◆ Exercise details
Produce an exact transcription of the data, with the images left out.

◆ Given data
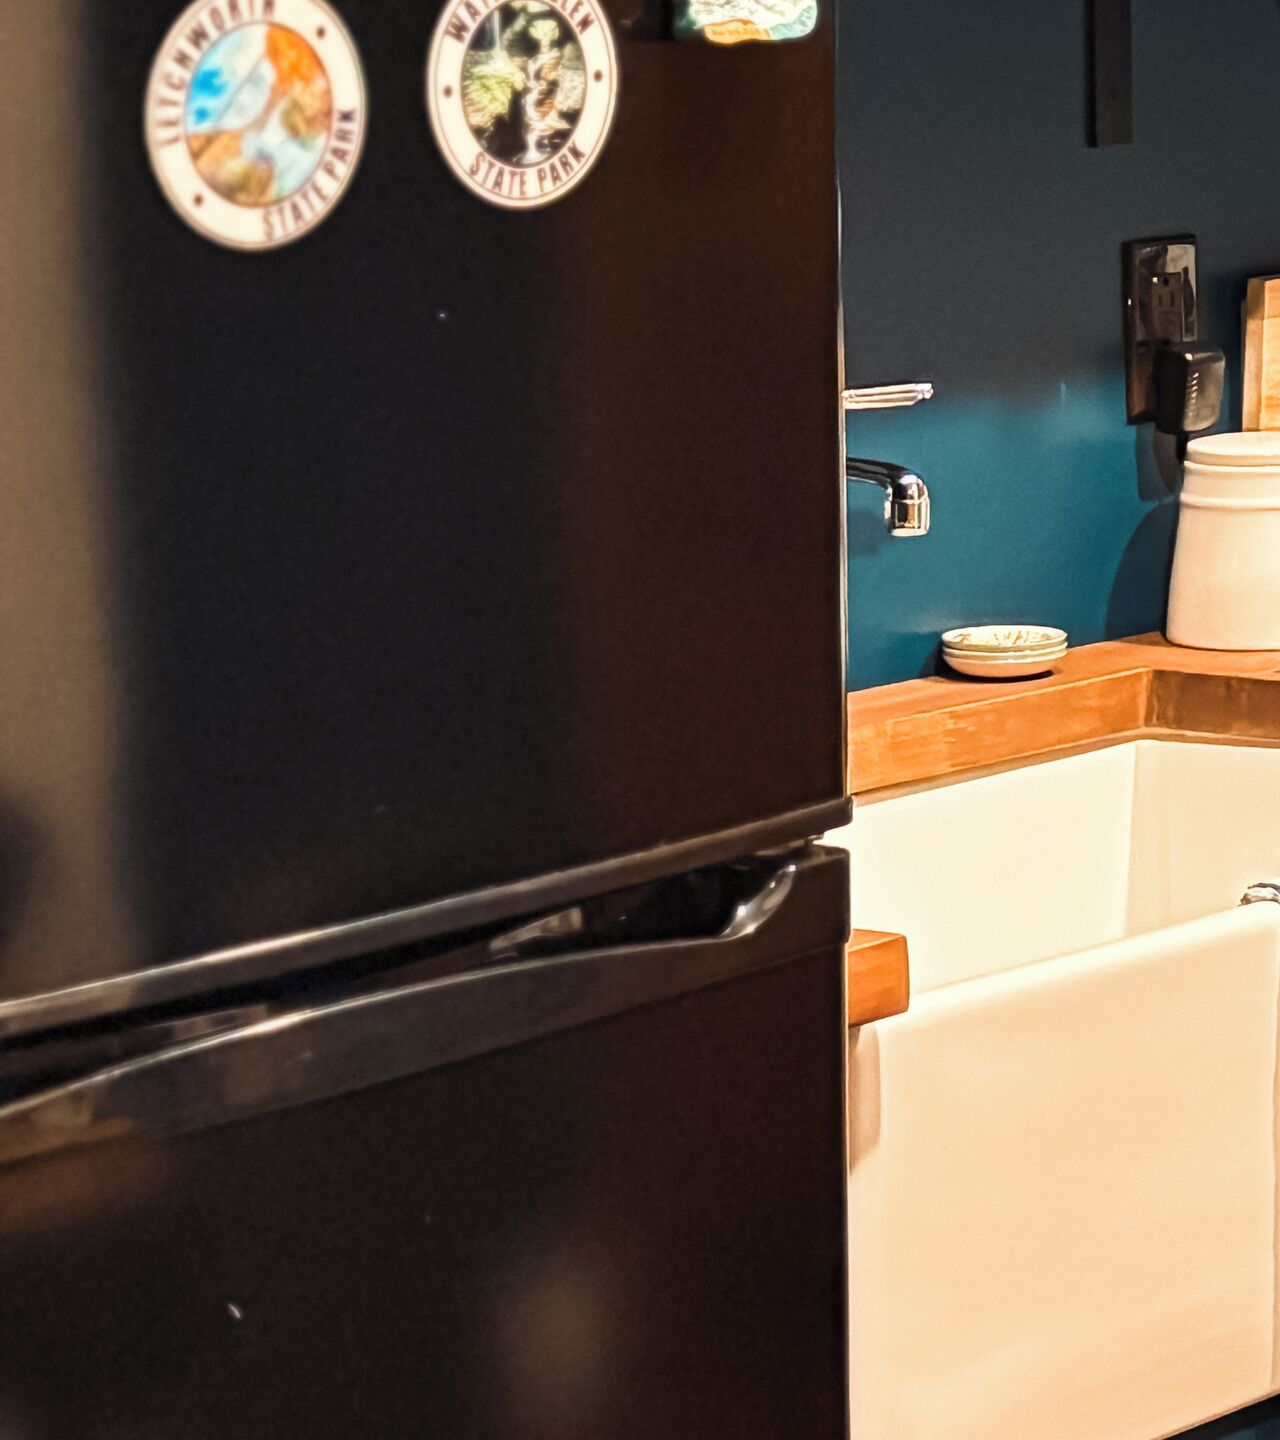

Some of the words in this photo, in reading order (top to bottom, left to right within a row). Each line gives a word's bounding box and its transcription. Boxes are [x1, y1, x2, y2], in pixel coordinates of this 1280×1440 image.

[262, 185, 331, 241] STATE
[325, 108, 357, 182] PARK
[469, 151, 528, 197] STATE
[537, 141, 587, 193] PARK

◆ Solution below
Some of the words in this photo, in reading order (top to bottom, left to right within a row). Each line gives a word's bounding box and its transcription. Boxes are [x1, y1, x2, y2], in pixel coordinates of this 1280×1440 image.

[262, 185, 331, 241] STATE
[325, 108, 357, 182] PARK
[469, 151, 528, 197] STATE
[537, 141, 587, 193] PARK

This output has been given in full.